Regarding bytea column in Posgresql

Started by Deole, Pushkar (Pushkar)about 11 years ago5 messagesgeneral
Jump to latest

Hi,

I have been assigned to a product that uses Postgresql 9.3 as backend database. I am new to postgresql.
The product provides chat functionality between the uses and the completed chats are stored in the database table in a 'bytea' column in the form of xml. When I query the data from this column I see xml file with text data. I have couple of queries:

1. Is 'bytea' column intended for storing text data?

2. Typically a chat can have text data with several special characters (which can be represented in multi bytes), how these characters can be stored in a bytea column and retrieved back properly?

Thanks,
Pushkar

#2Bill Moran
wmoran@potentialtech.com
In reply to: Deole, Pushkar (Pushkar) (#1)
Re: Regarding bytea column in Posgresql

On Thu, 9 Apr 2015 11:03:30 +0000
"Deole, Pushkar (Pushkar)" <pdeole@avaya.com> wrote:

I have been assigned to a product that uses Postgresql 9.3 as backend database. I am new to postgresql.
The product provides chat functionality between the uses and the completed chats are stored in the database table in a 'bytea' column in the form of xml. When I query the data from this column I see xml file with text data. I have couple of queries:

1. Is 'bytea' column intended for storing text data?

No, it's intended for storing binary data.

2. Typically a chat can have text data with several special characters (which can be represented in multi bytes), how these characters can be stored in a bytea column and retrieved back properly?

bytea won't help you here. You'll have to manage the special
characters entirely in your code. bytea gives you back the
exact same types you put in, with no changes or interpretation.

A better choice would be to use a text field with a proper
text encoding (such as utf-8).

Probably an even better choice would be to use the XML datatype
in PostgreSQL, since you say that you're storing XML anyway.

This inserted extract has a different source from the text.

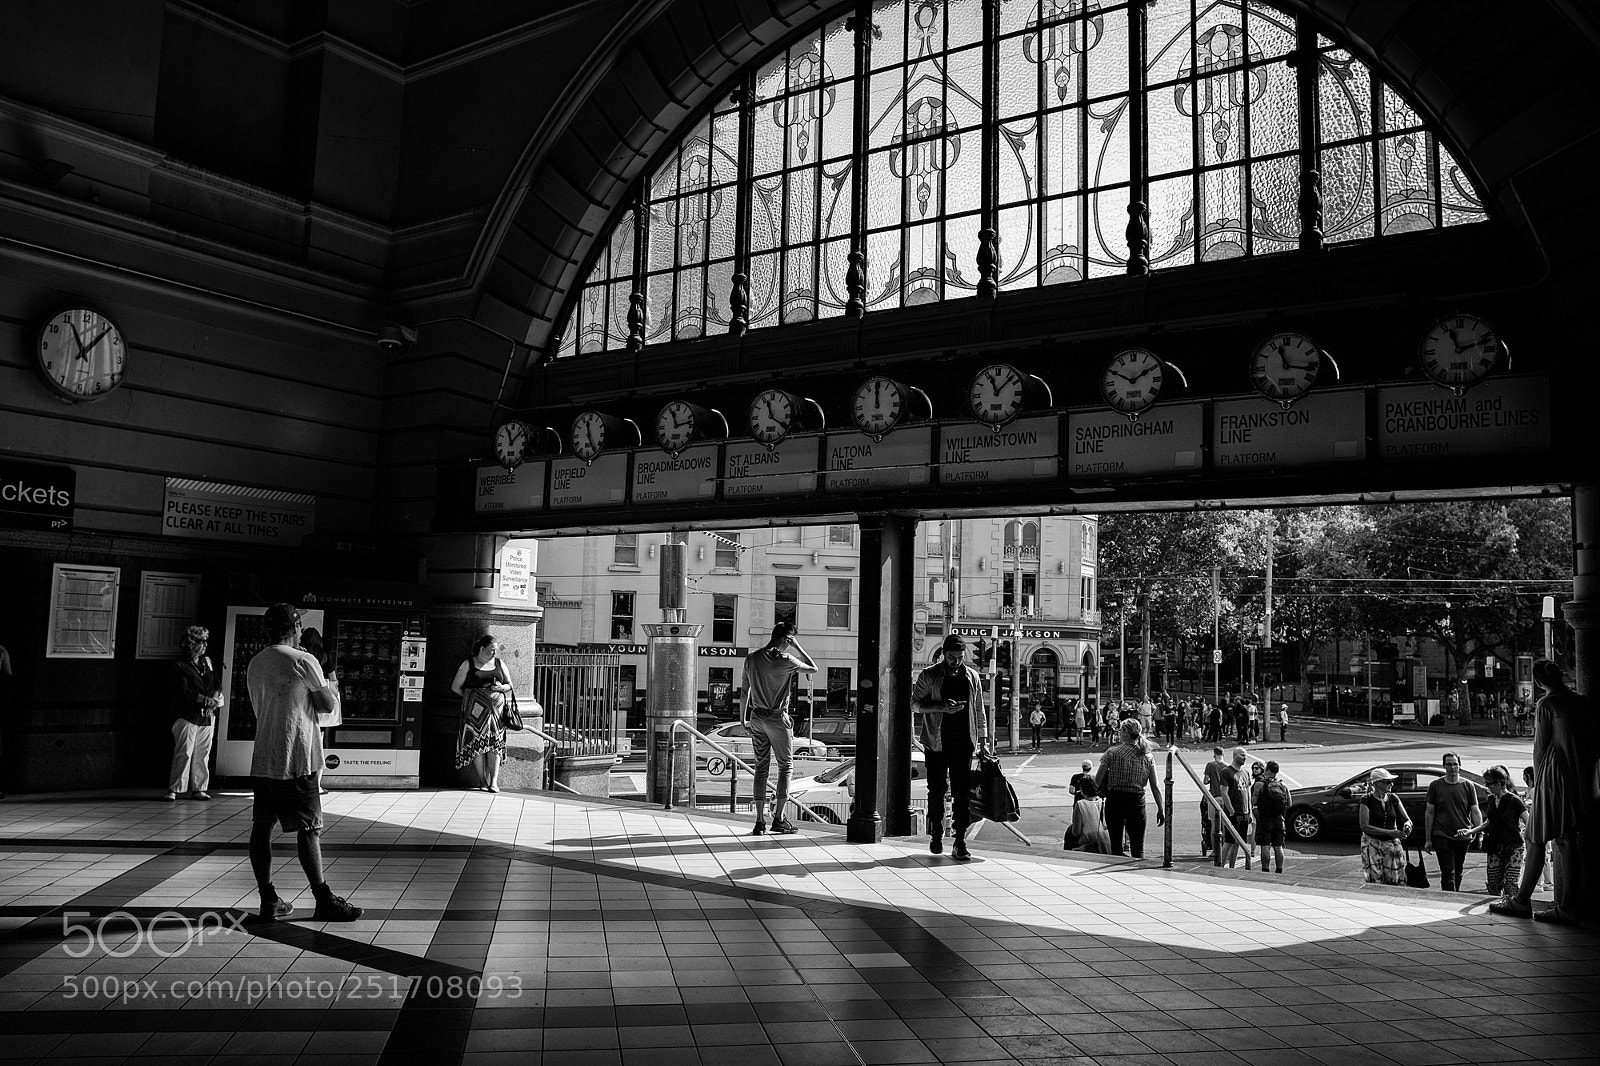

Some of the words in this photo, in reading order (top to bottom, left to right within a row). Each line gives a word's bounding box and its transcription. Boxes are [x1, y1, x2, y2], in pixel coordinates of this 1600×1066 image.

The place where people tend to get tripped up with TEXT and
XML datatypes is that they're strict. If you try to store
text in a TEXT data type that isn't valid (i.e., multi-byte
characters that aren't correct) you'll get an error and the
data won't be accepted. The same thing happens if you try to
store invalid XML in an XML field (such as XML without proper
closing tags, etc). It seems that this strictness causes a lot
of people to avoid those data types, as there seem to be a lot
of people who would rather have garbage data in their database
than actually go to the work of fixing their application.

--
Bill Moran

--
Sent via pgsql-general mailing list (pgsql-general@postgresql.org)
To make changes to your subscription:
http://www.postgresql.org/mailpref/pgsql-general

#3John R Pierce
pierce@hogranch.com
In reply to: Bill Moran (#2)
Re: Regarding bytea column in Posgresql

On 4/9/2015 4:10 AM, Bill Moran wrote:

1. Is 'bytea' column intended for storing text data?

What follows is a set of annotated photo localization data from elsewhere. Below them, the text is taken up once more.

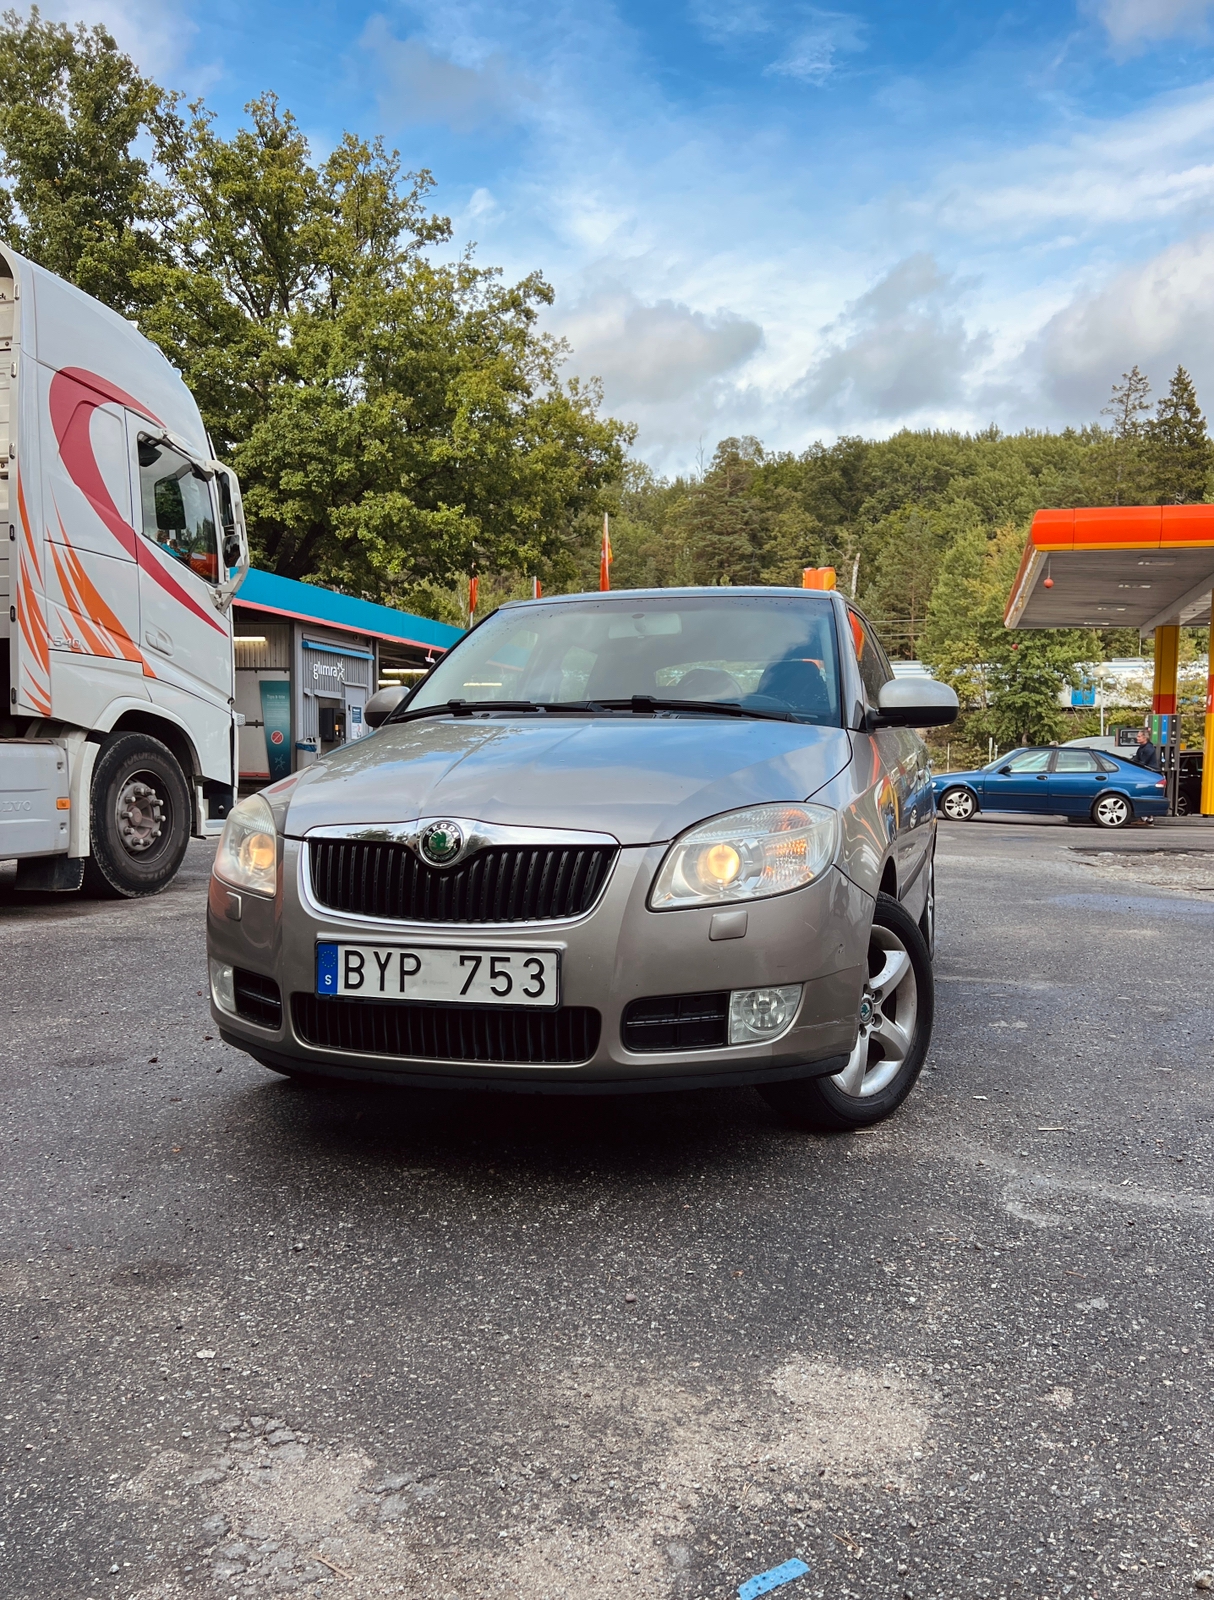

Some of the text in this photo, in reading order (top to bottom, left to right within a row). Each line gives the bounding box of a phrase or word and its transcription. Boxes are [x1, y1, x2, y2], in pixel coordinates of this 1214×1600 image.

[53, 636, 81, 649] 540
[313, 660, 338, 680] glimra
[0, 800, 32, 812] LVO
[324, 974, 332, 986] S
[344, 949, 546, 999] BYP 753

No, it's intended for storing binary data.

2. Typically a chat can have text data with several special characters (which can be represented in multi bytes), how these characters can be stored in a bytea column and retrieved back properly?

bytea won't help you here. You'll have to manage the special
characters entirely in your code. bytea gives you back the
exact same types you put in, with no changes or interpretation.

A better choice would be to use a text field with a proper
text encoding (such as utf-8).

one possible rationale for using BYTEA is that the data could be in
various encodings, which the application wishes to preserve, and keeps
track of somewhere else (perhaps in a field within the XML?).
PostgreSQL text types would insist that all text be stored in the same
encoding, and anything in a different encoding would have to be
converted to the database encoding. Me, I'd be inclined to convert
everything to UTF8 and store it as such, and convert it back to the
user's encoding on display, but the feasibility of this really depends
on the use cases.

--
john r pierce, recycling bits in santa cruz

--
Sent via pgsql-general mailing list (pgsql-general@postgresql.org)
To make changes to your subscription:
http://www.postgresql.org/mailpref/pgsql-general

#4Craig Ringer
craig@2ndquadrant.com
In reply to: John R Pierce (#3)
Re: Regarding bytea column in Posgresql

On 10 April 2015 at 03:27, John R Pierce <pierce@hogranch.com> wrote:

one possible rationale for using BYTEA is that the data could be in
various encodings, which the application wishes to preserve, and keeps
track of somewhere else (perhaps in a field within the XML?).

Thanks for bringing this up, as it's a good reason to use bytea for XML.

XML actually has an encoding field in the DTD declaration, e.g.

<?xml version="1.0" encoding="UTF-8"?>

It is common - and of dubious correctness - for applications to store XML
in a 'text' or 'xml' field without changing the 'encoding' field in the
doctype to reflect the encoding at rest.

Personally I wish the 'xml' type in Pg knew how to change the encoding
declaration dynamically, but I know it's a hairy problem; e.g. if the
client_encoding is iso-8859-1, but the client then converts the XML
document to utf-8 internally, the encoding will be wrong if the client
doesn't change it back.

I've also run into XML documents that shove data in different encodings
into CDATA sections. This is wrong, of course, but apps sometimes do it
anyway.

--
Craig Ringer http://www.2ndQuadrant.com/
PostgreSQL Development, 24x7 Support, Training & Services

In reply to: John R Pierce (#3)
Re: Regarding bytea column in Posgresql

John,

Please find my response inline.

Thanks..

-----Original Message-----
From: pgsql-general-owner@postgresql.org [mailto:pgsql-general-owner@postgresql.org] On Behalf Of John R Pierce
Sent: Friday, April 10, 2015 12:57 AM
To: pgsql-general@postgresql.org
Subject: Re: [GENERAL] Regarding bytea column in Posgresql

On 4/9/2015 4:10 AM, Bill Moran wrote:

1. Is 'bytea' column intended for storing text data?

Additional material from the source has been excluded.